19 Civ. 7777 (GBD)
MEMORANDUM DECISION AND ORDER
Plaintiffs the State of New York, the City of New York, the State of Connecticut, and the State of Vermont commenced this action against Defendants the United States Department of Homeland Security ("DHS"), the United States Citizenship and Immigration Services ("USCIS"), Secretary Kevin K. McAleenan, Director Kenneth T. Cuccinelli II, and the United States of America, challenging Defendants' promulgation, implementation, and enforcement of a rule titled Inadmissibility on Public Charge Grounds, 84 Fed. Reg. 41,292 (Aug. 14, 2019) (to be codified at 8 C.F.R. pts. 103, 212, 213, 214, 245, 248) (the "Rule"). (Compl. for Declaratory and Injunctive Relief, ECF No. 17.) Shortly after bringing this action, Plaintiffs moved for a preliminary injunction enjoining Defendants from implementing or enforcing the Rule, and for a stay of the effective date of the Rule, which was scheduled to go into effect on October 15, 2019. (Pls.' Notice of Mot., ECF No. 33.) This Court granted Plaintiffs' motion on October 11, 2019. (Mem. Decision and Order, ECF No. 110; see also Order Granting Pls.' Mot. for a Prelim. Inj., ECF No. 109.) Specifically, this Court issued a nationwide injunction, as well as a stay postponing the effective date of the Rule pending adjudication on the merits or further order of the Court. (Mem.

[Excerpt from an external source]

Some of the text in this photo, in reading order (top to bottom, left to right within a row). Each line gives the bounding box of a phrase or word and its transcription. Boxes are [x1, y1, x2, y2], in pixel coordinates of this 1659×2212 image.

Decision and Order at 24.) Defendants now move to stay this Court's preliminary injunction pending resolution of Defendants' appeal of this Court's October 11, 2019 order. (Mot. for Stay of Inj. Pending Appeal, ECF No. 111.)
Also on that day, this Court granted the same preliminary injunction and stay in a related action, Make the Road New York v. Cuccinelli, No. 19 Civ. 7993 (GBD), 2019 WL 5484638 (S.D.N.Y. Oct. 11, 2019).

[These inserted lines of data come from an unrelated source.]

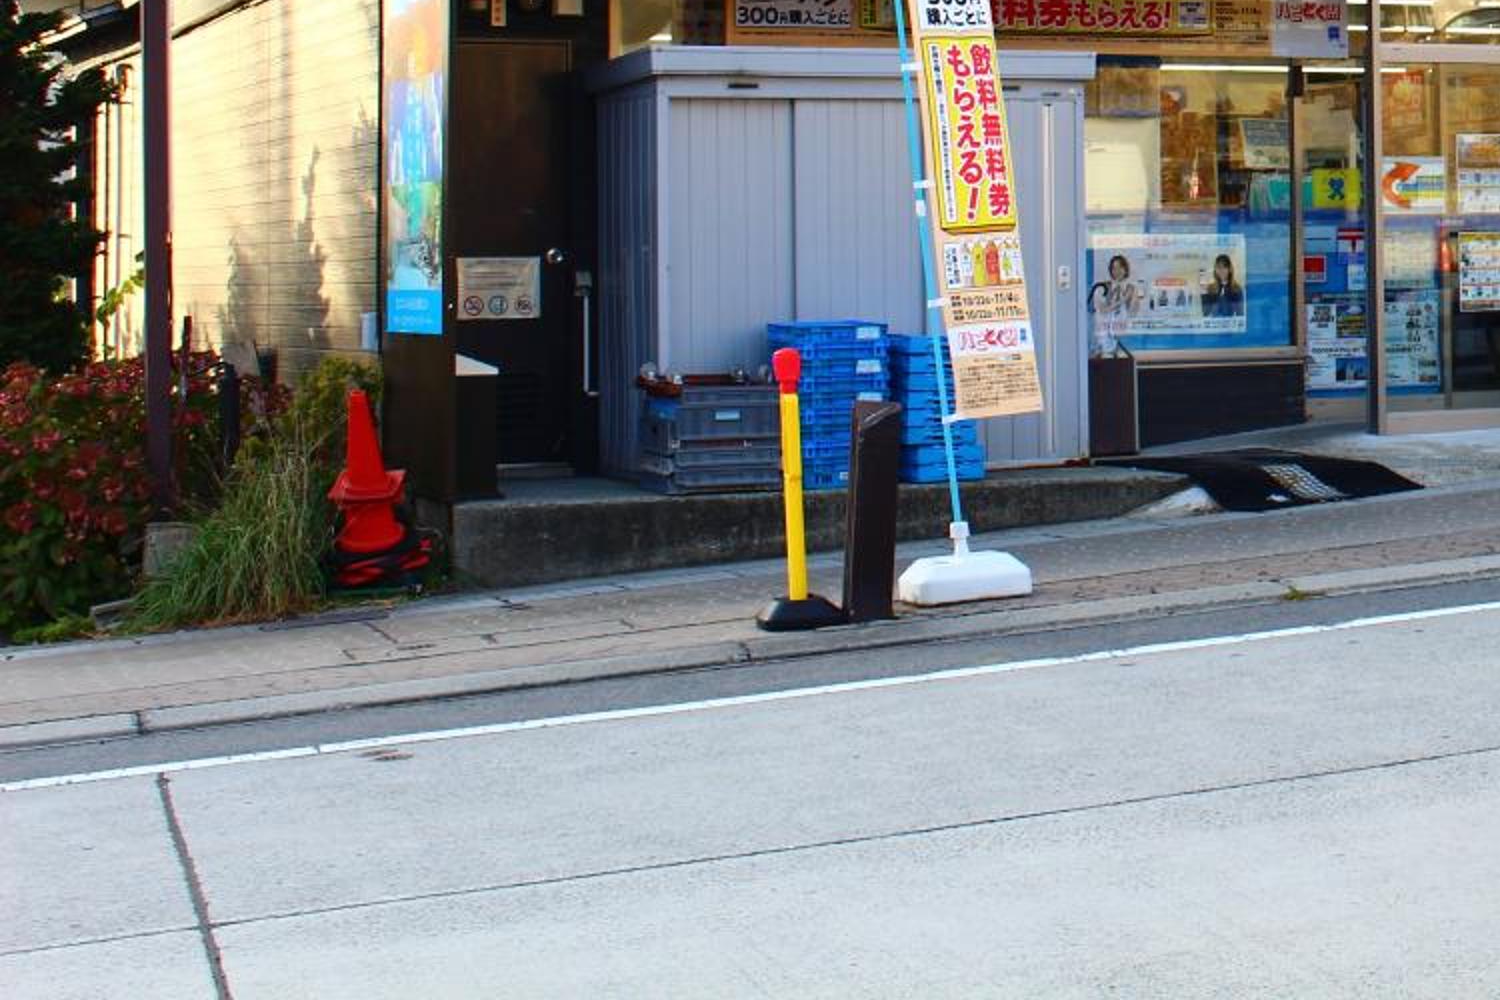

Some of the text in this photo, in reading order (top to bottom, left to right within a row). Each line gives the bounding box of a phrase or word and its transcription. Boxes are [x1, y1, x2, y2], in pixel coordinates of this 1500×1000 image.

[946, 44, 983, 220] もらえる!
[969, 43, 1010, 217] 飲料無料券
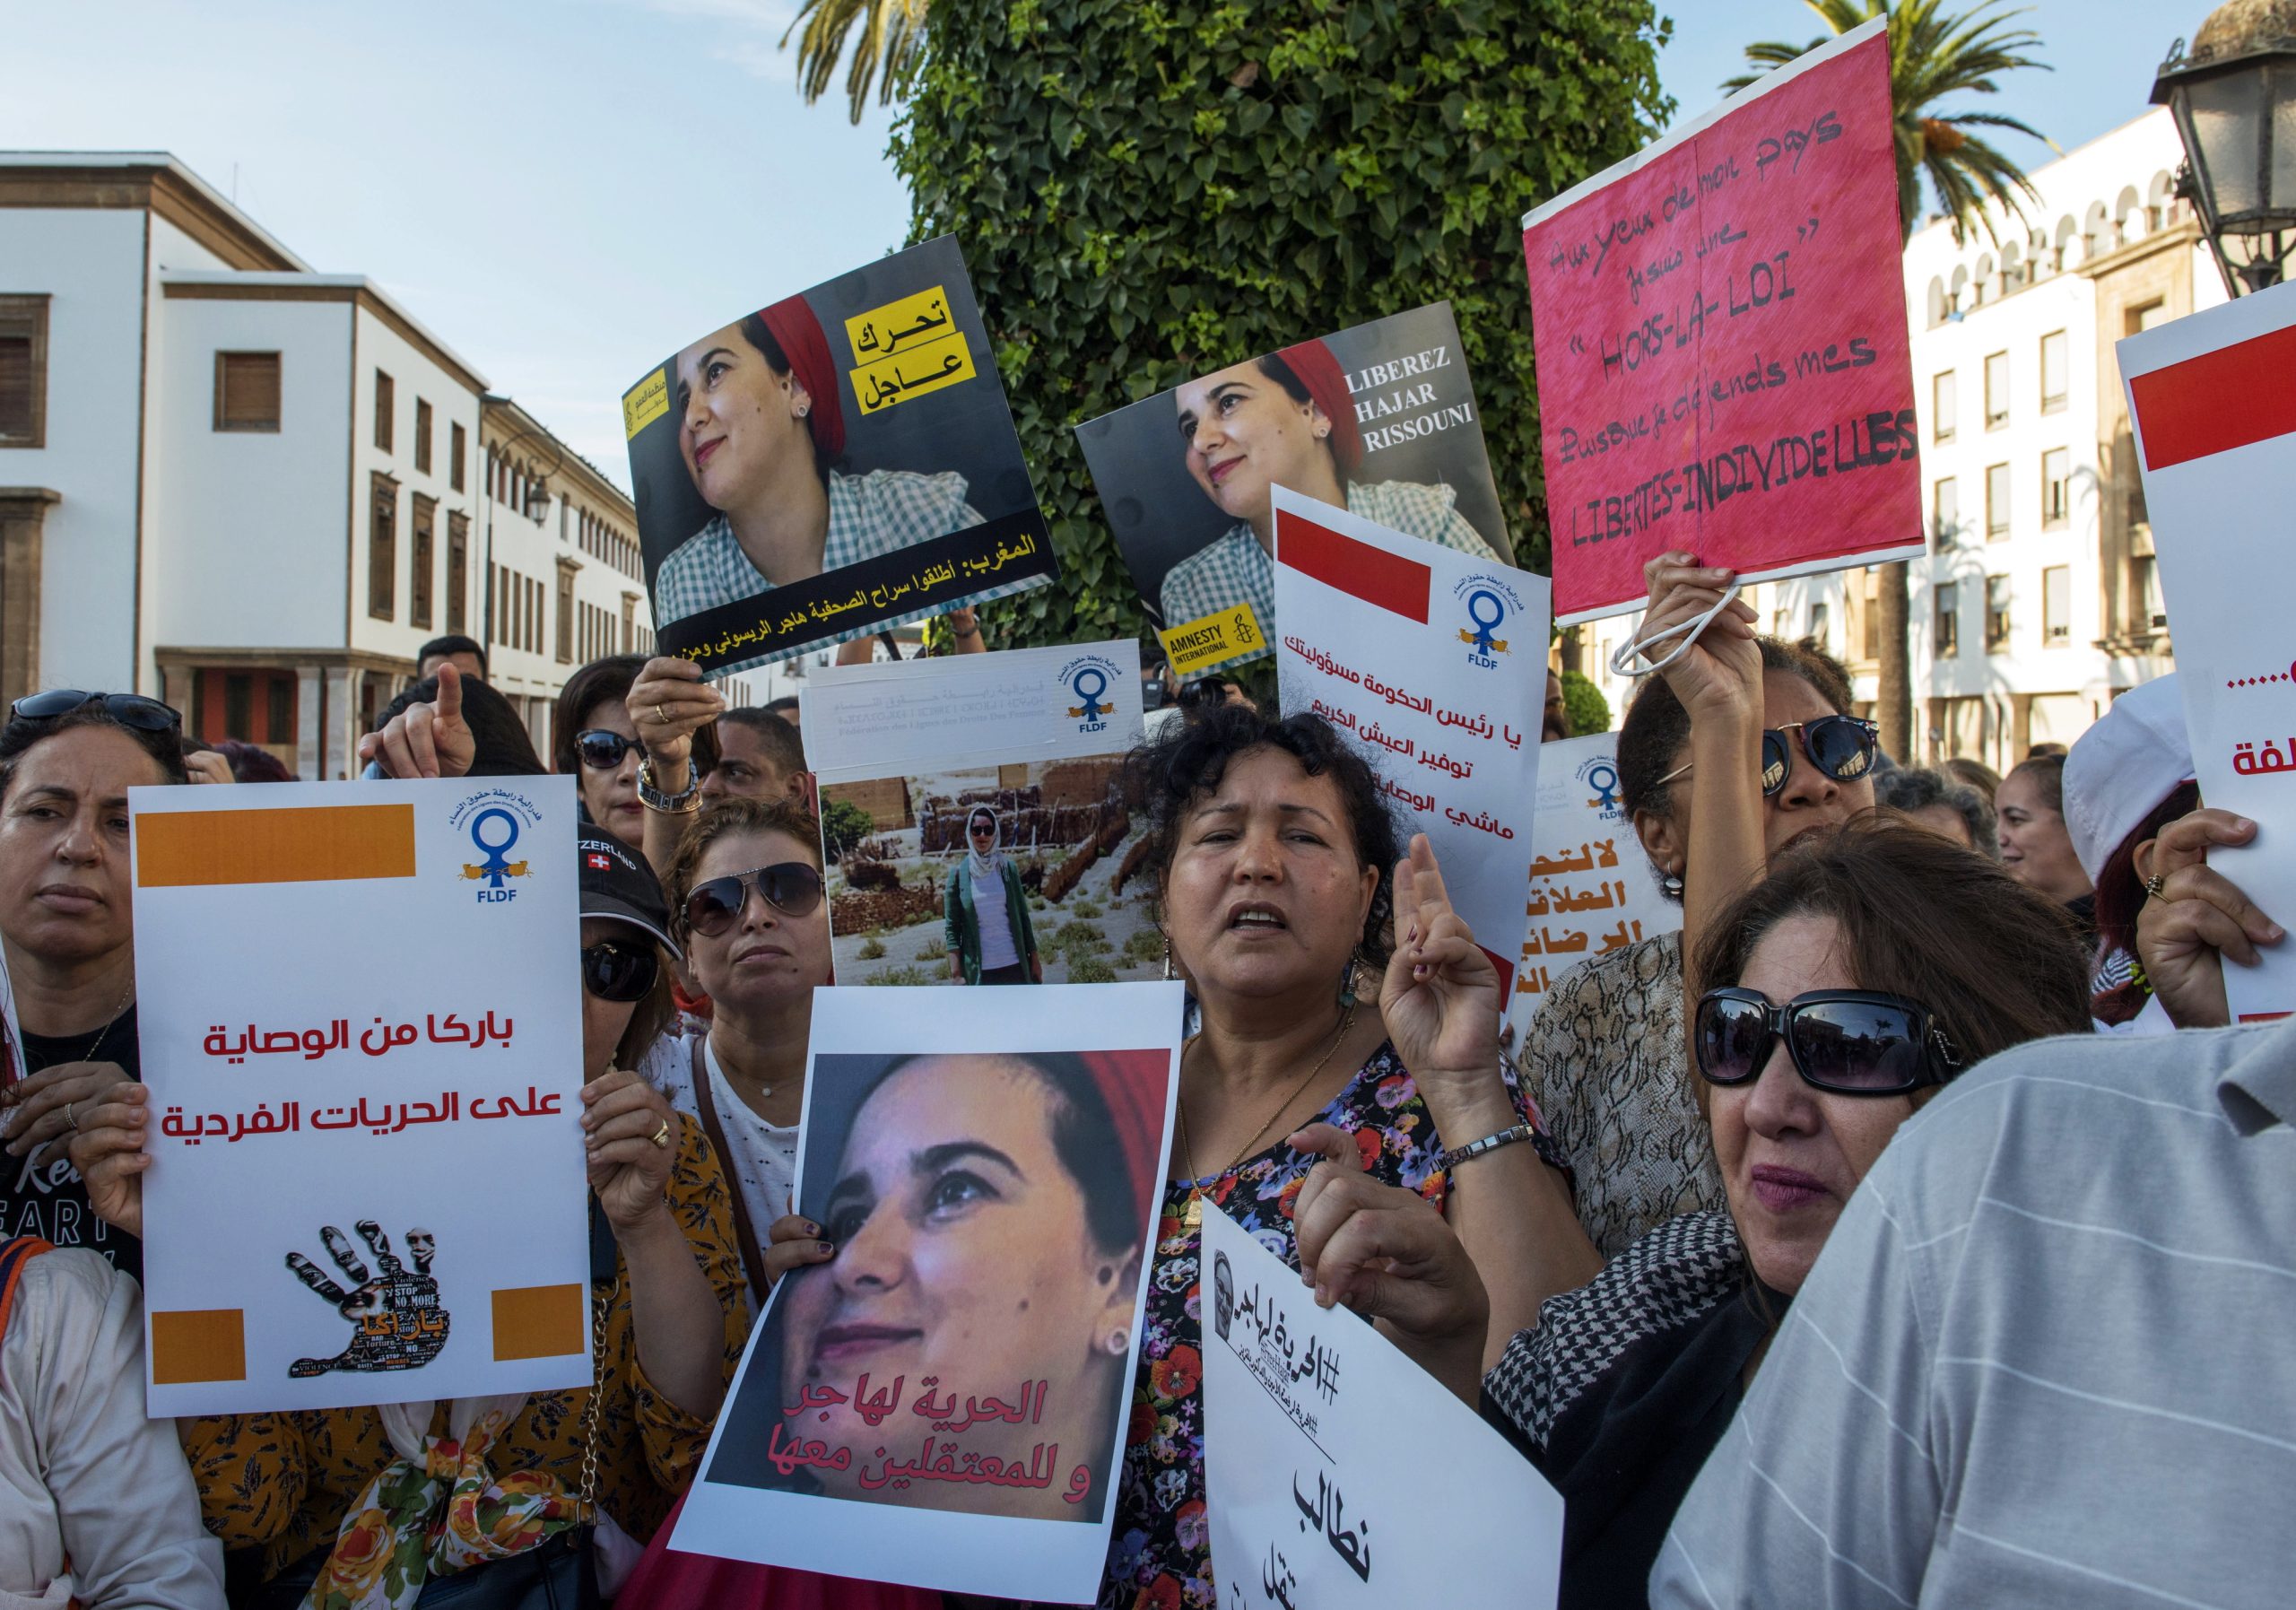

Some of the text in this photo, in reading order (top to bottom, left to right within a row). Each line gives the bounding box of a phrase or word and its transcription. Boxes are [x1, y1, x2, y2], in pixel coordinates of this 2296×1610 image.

[1550, 241, 1589, 274] Aux
[1663, 181, 1695, 222] de
[1699, 156, 1740, 195] mon
[1695, 223, 1748, 258] une
[858, 300, 947, 352] تحرك
[1343, 346, 1450, 394] LIBEREZ
[1793, 337, 1878, 381] mes
[865, 354, 962, 409] عاجل
[1353, 383, 1438, 423] HAJAR
[1362, 403, 1474, 452] RISSOUNI
[962, 534, 1036, 578] المغرب:
[912, 560, 956, 592] أطلقوا
[809, 589, 867, 622] الصحفية
[872, 583, 910, 608] سراح
[715, 620, 771, 655] الريسوني
[777, 612, 807, 634] هاجر
[1170, 624, 1222, 654] AMNESTY
[1175, 641, 1228, 665] INTERNATIONAL
[1468, 654, 1497, 671] FLDF
[1284, 636, 1521, 750] يا رئيس الحكومة مسؤوليتك
[1079, 722, 1107, 733] FLDF
[1360, 721, 1414, 757] العيش
[1418, 750, 1474, 779] توفير
[1445, 807, 1514, 840] ماشي
[578, 840, 637, 870] ZERLAND
[477, 890, 517, 903] FLDF
[203, 1010, 513, 1065] باركا من الوصاية
[161, 1086, 561, 1146] على الحريات الفردية
[395, 1287, 418, 1295] STOP
[395, 1294, 437, 1308] NO MORE
[405, 1345, 418, 1353] NO
[782, 1372, 1048, 1432] الحرية لهاجر
[767, 1423, 852, 1475] معها
[859, 1436, 1058, 1490] للمعتقلين
[1292, 1469, 1370, 1584] نطالب

In assessing whether to grant a stay pending appeal, a court considers four factors: (1) whether the moving party has made a strong showing of its likelihood of success on the merits, (2) whether the moving party will suffer irreparable harm absent a stay, (3) whether the issuance of a stay will substantially injure the other parties interested in the proceeding, and (4) where the public interest lies. Nken v. Holder, 556 U.S. 418, 434 (2009). "There is substantial overlap between these and the factors governing preliminary injunctions[.]" Id. (citing Winter v. Nat. Res. Def. Council, Inc., 555 U.S. 7, 24 (2008)). "A stay is not a matter of right, even if irreparable injury might otherwise result," and "is instead 'an exercise of judicial discretion.'" Id. at 433 (citations omitted). The party seeking a stay bears the "difficult burden" of demonstrating that a stay is necessary. Floyd v. City of New York, 959 F. Supp. 2d 691, 693 (S.D.N.Y. 2013) (quoting United States v. Private Sanitation Indus. Ass'n of Nassau/Suffolk, Inc., 44 F.3d 1082, 1084 (2d Cir. 1995)).

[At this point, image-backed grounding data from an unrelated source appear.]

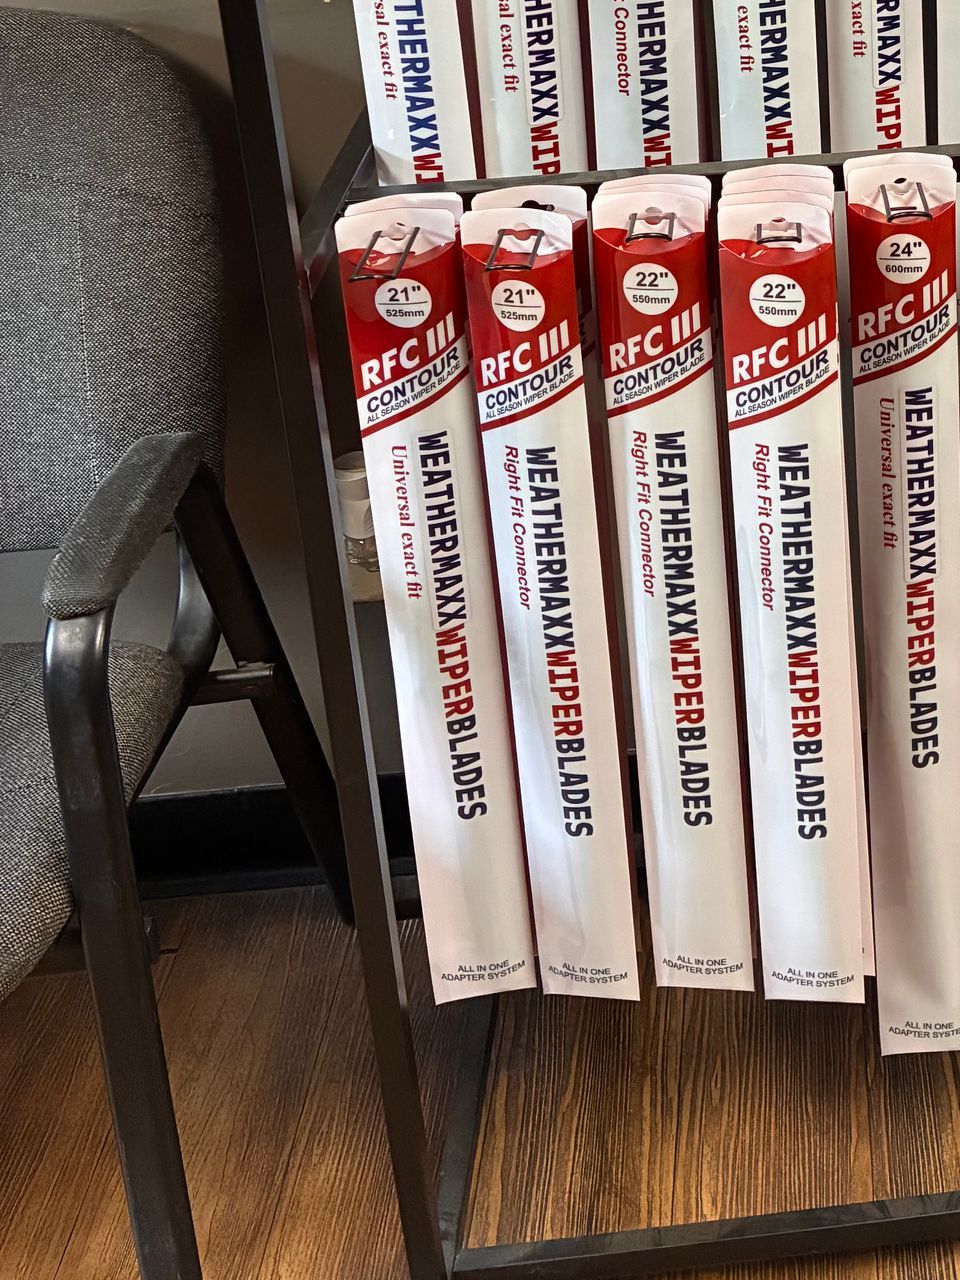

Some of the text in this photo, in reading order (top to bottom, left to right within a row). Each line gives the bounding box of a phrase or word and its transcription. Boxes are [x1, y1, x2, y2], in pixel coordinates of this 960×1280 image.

[500, 24, 517, 69] exact
[614, 8, 631, 96] Connector
[504, 75, 519, 92] fit
[890, 241, 921, 257] 24"
[885, 264, 922, 273] 600mm
[636, 271, 668, 287] 22"
[388, 285, 420, 302] 21"
[504, 288, 534, 304] 21"
[633, 295, 670, 303] 550mm
[763, 283, 796, 298] 22"
[386, 309, 424, 317] 525mm
[501, 310, 537, 320] 525mm
[759, 306, 796, 315] 550mm
[861, 305, 950, 364] CONTOUR
[360, 312, 455, 391] RFC III
[732, 313, 826, 384] RFC III
[613, 337, 703, 395] CONTOUR
[367, 346, 459, 413] CONTOUR
[485, 354, 573, 409] CONTOUR
[736, 349, 829, 408] CONTOUR
[391, 445, 422, 599] Universal exact fit
[753, 443, 775, 611] Right Fit Connector
[772, 972, 854, 987] ADAPTER SYSTEM
[787, 968, 803, 977] ALL
[818, 971, 838, 979] ONE

Defendants argue that they are likely to succeed on the merits of their appeal. They reallege, as an initial matter, that Plaintiffs fall outside of the zone of interests regulated by the Rule, and that Plaintiffs lack standing because their only possible injuries are speculative downstream effects of the independent decisions of third parties. (Mem. of Law in Supp. of Defs.' Motion for Stay of Inj. Pending Appeal ("Defs.' Mem."), ECF No. 112, at 2-3.) As to the merits, Defendants insist that the new definition of "public charge" set forth in the Rule simply implements the U.S. immigration law principle of self-sufficiency, and therefore falls within Defendants' delegated interpretive authority. (Id. at 3-4.) They further argue that this Court "erred in holding that the Rule is arbitrary and capricious based on the Court's view that there was no rational relationship between self-sufficiency and receipt of public benefits." (Id. at 5.) In particular, Defendants contend that the Field Guidance on Deportability and Inadmissibility on Public Charge Grounds, 64 Fed. Reg. 28,689 (May 26, 1999) (the "Field Guidance")—which establishes the current framework for determining whether a noncitizen is likely to become a public charge—already "tie[s] the definition of public charge to the receipt of public benefits." (Id.)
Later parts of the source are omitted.